You see what I mean, then, about my proposed Hunted strategy. Usually, physical needs coupled with a longing for home and family grind down the fugitives’ resolve to the point where they see no option but to reenter the geographical and societal territory familiar to them, thereby walking straight into the hunters’ hands; but for the Christian, the Church stands ready to fulfil those needs and longings wherever she is in the world. That’s no accident, either. Jesus’ promise of recompense comes in the context that following him into eternal life may require leaving behind all sorts of things you treasured in the life you led before – just as Hunted’s fugitives have to cut themselves off from the lives they led before they went on the run if they’re to evade capture. The Church would be the perfect support network for a fugitive with nowhere else to turn, because that is precisely the role it is designed to fill.

But would it fill that role successfully? The Church in this country right now doesn’t look very much like the one described in Acts 4, does it? And don’t we find all this talk of everything in common and distributing to those in need a fraction uncomfortable? Wouldn’t we rather tone it down a bit and content ourselves with a direct-debit tithe and the odd bit of spontaneous charity, than stir ourselves to strive for the ideal laid down in scripture? I know I would. And doesn’t that just prove that I’m one of those rich who needs to humble myself for the sake of others, before God runs out of patience and does it for me? There is great grace and great power of testimony to be gained in getting this jazz right; what if we were to try, small step by small step, to get closer to that?

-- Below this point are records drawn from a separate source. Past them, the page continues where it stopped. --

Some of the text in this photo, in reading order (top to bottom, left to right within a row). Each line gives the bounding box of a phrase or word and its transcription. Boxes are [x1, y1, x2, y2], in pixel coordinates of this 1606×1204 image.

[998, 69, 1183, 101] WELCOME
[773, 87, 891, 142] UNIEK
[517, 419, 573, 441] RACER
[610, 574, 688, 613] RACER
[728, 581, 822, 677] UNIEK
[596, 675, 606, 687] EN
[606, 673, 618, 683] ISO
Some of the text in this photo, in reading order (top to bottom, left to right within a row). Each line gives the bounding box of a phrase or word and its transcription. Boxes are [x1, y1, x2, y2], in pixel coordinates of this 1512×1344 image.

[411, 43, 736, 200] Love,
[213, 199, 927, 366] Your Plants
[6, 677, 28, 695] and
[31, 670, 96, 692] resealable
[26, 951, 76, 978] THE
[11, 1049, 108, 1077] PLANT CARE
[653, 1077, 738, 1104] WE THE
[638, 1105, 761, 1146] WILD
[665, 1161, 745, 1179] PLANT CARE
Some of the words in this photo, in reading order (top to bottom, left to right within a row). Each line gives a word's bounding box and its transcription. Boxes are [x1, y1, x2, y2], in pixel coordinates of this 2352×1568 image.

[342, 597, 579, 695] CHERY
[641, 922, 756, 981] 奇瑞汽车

So yes, I’d be absolutely fascinated to see whether my suggested Hunted tactic would actually work, or whether the Church as it currently is would fall short of the challenge. That said, I have absolutely zero interest in applying as a contestant for the next series of the programme: I am certain I’d make a thoroughly useless fugitive, which would not only stress me out no end, but also slightly ruin the experiment if I were to end up captured through my own incompetence rather than the failures of my network. I don’t suppose any of you reckons you might do all right at being on the run and fancies giving my strategy a go?

Footnotes

1 You can get the full boxset on All 4: https://www.channel4.com/programmes/hunted.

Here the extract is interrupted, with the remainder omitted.